Wednesday 28 October 2009

Feelin' Blue (as Stocks Go Red)

Well it sure feels pretty ugly doesn’t it. We may only be down 1.7% but it feels like more…and when you look at some of the downside moves we’ve had today (Autos, Miners, TomTom, SAP), you’ve be forgiven for thinking we’d be down more. Earnings were poor today and we’ve also had Bill Gross calling the end of the rally. “Out, out, brief candle” he says, quoting the Bard of Avon.

But that’s not all we’ve had contributing to today’s poor price action. The durables number was ok but had negative revisions to last month's. New home sales were bad too and Goldman guru, Jan Hatzius has also tweaked tomorrow’s GDP forecast from 3% down to 2.7%. Conspiracy theorists would contend Pimco and GS share a bed with the Government; now whether you believe this or not, when they come out with calls, markets tend to move.

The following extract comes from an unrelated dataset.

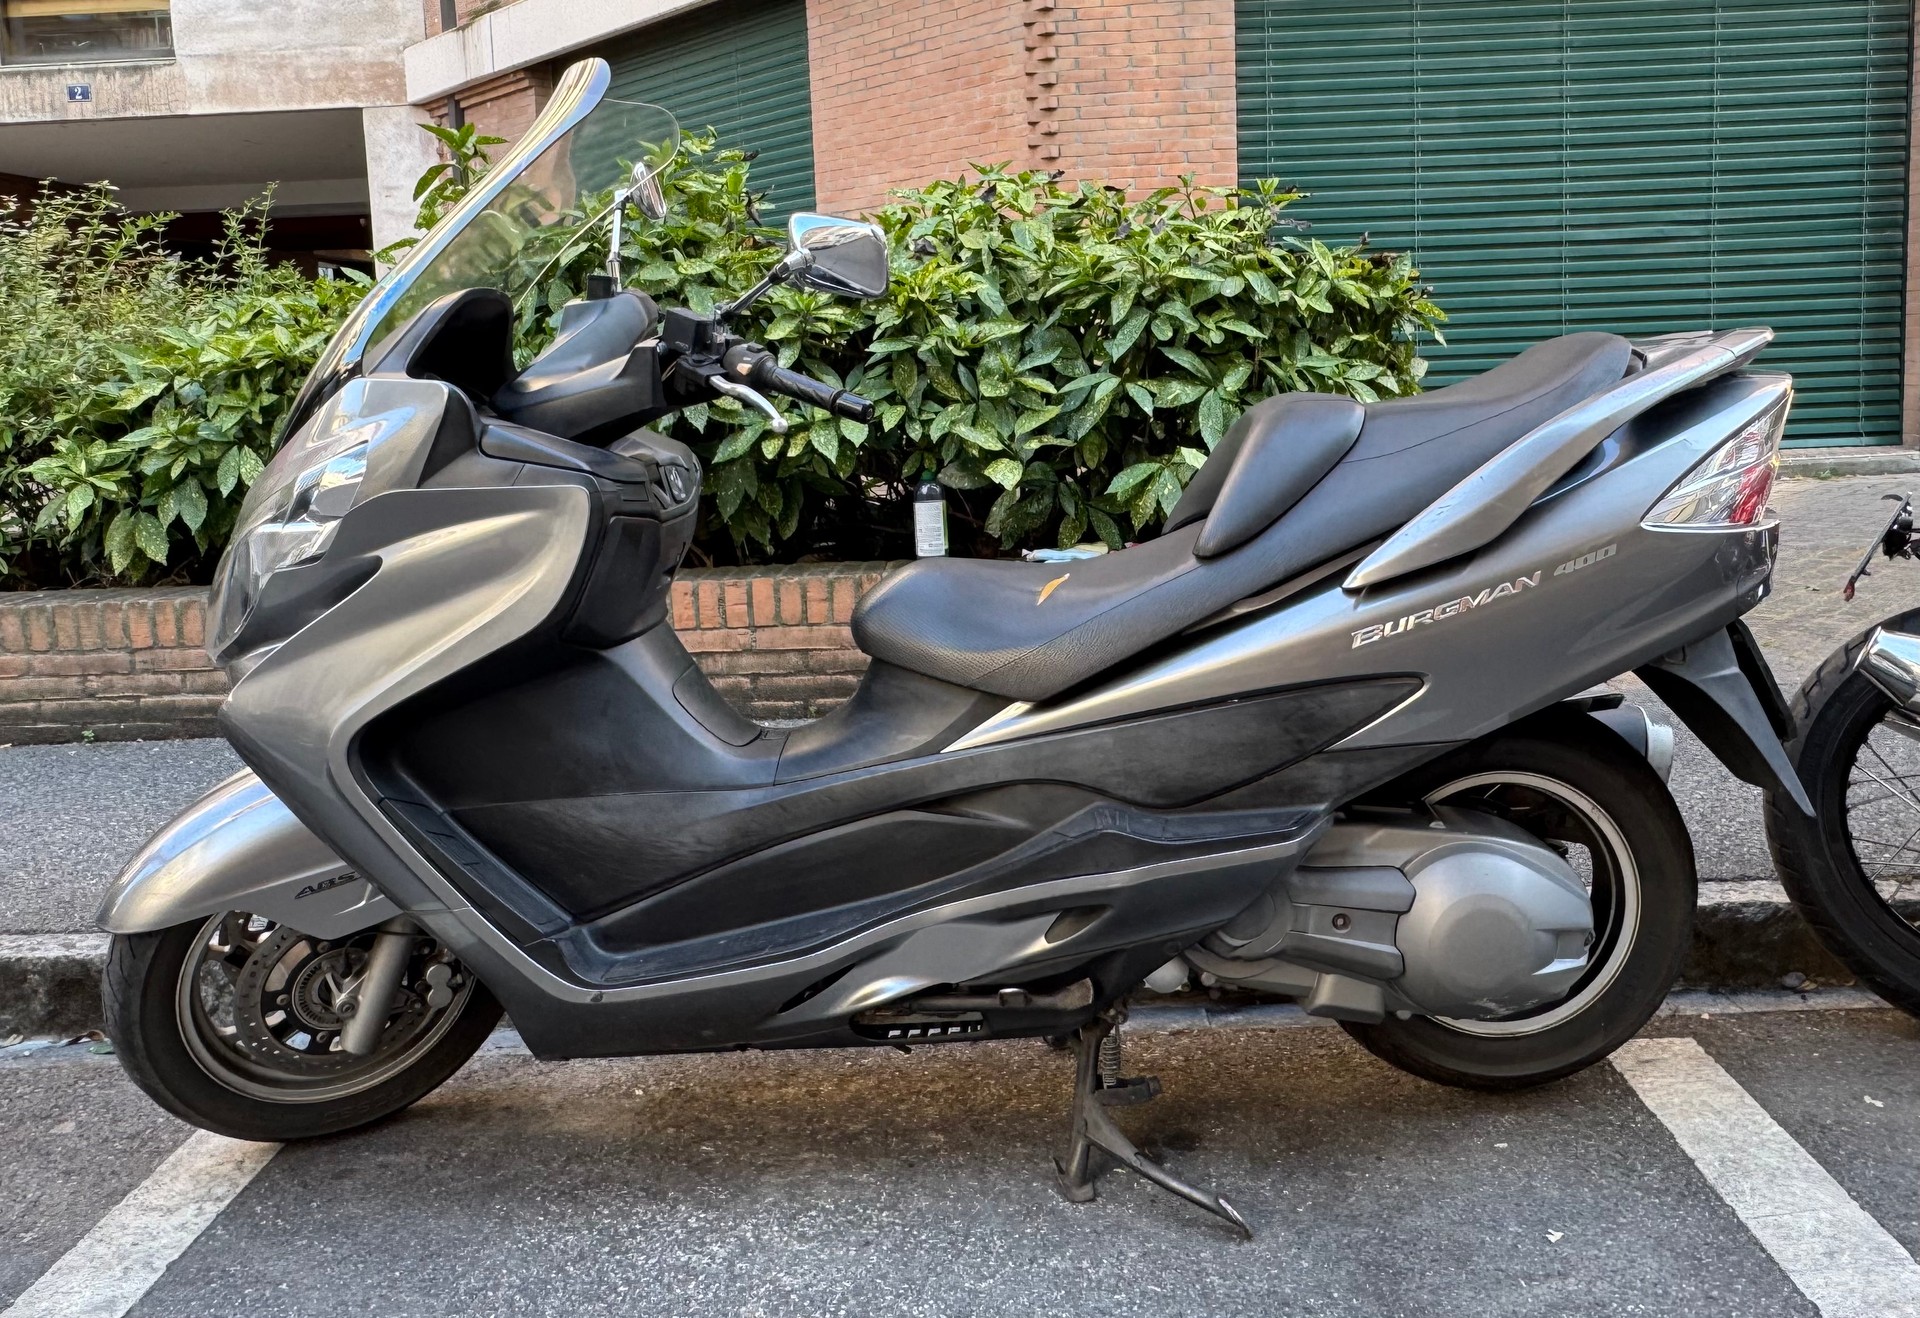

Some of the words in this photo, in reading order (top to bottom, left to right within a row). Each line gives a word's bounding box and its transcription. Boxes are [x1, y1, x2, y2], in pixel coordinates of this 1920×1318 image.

[74, 86, 83, 100] 2
[1350, 570, 1542, 650] BURGMAN
[1553, 543, 1617, 577] 400
[294, 871, 361, 899] ABS

With the lurch down in markets over the past few days we’ve seen some of the old correlations start to kick in again, bonds have rallied, the $ has too although not as much as it would have back in the days of Q1. The commodity stocks and currencies have taken a beating (in spite of a higher Aussie CPI, I might add) and oil has moved down too, again though, not like it would’ve in the darker days.

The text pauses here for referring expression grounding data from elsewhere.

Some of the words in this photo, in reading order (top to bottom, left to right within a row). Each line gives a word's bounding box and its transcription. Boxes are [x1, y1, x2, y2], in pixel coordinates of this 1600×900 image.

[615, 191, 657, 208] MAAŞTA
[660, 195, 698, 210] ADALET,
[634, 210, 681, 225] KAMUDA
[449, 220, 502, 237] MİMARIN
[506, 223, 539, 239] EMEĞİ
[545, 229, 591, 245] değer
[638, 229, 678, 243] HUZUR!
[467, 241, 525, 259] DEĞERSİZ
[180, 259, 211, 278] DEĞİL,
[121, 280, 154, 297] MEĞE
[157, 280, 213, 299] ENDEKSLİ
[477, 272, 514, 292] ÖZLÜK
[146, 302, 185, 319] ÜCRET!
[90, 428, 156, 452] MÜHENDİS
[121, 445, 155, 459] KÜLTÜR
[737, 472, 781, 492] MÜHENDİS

Anecdotally I’m hearing of funds that were looking for new investment ideas only a couple of weeks ago having shelved that plan and are now just gonna take the money and run. When you look at names that were huge beta beneficiaries of the rally, which had no right making the gains they did, like say, Fannie and Freddie, the Irish banks, oh and how about this one, Lehman Bros, they’ve given up about 50% of their gains. Yes, Lehman still trades, I don’t know how or why, but it does, LEHMQ US on bloomberg. Are these names showing us the way down as they did the way up?
This all leaves equities finely perched on the 50 day MAV in the SPX, a level it previously bounced off at the beginning of the month. Whether this level proves supportive or insignificant remains to be seen but market participants do seem to be more worried this time than previously.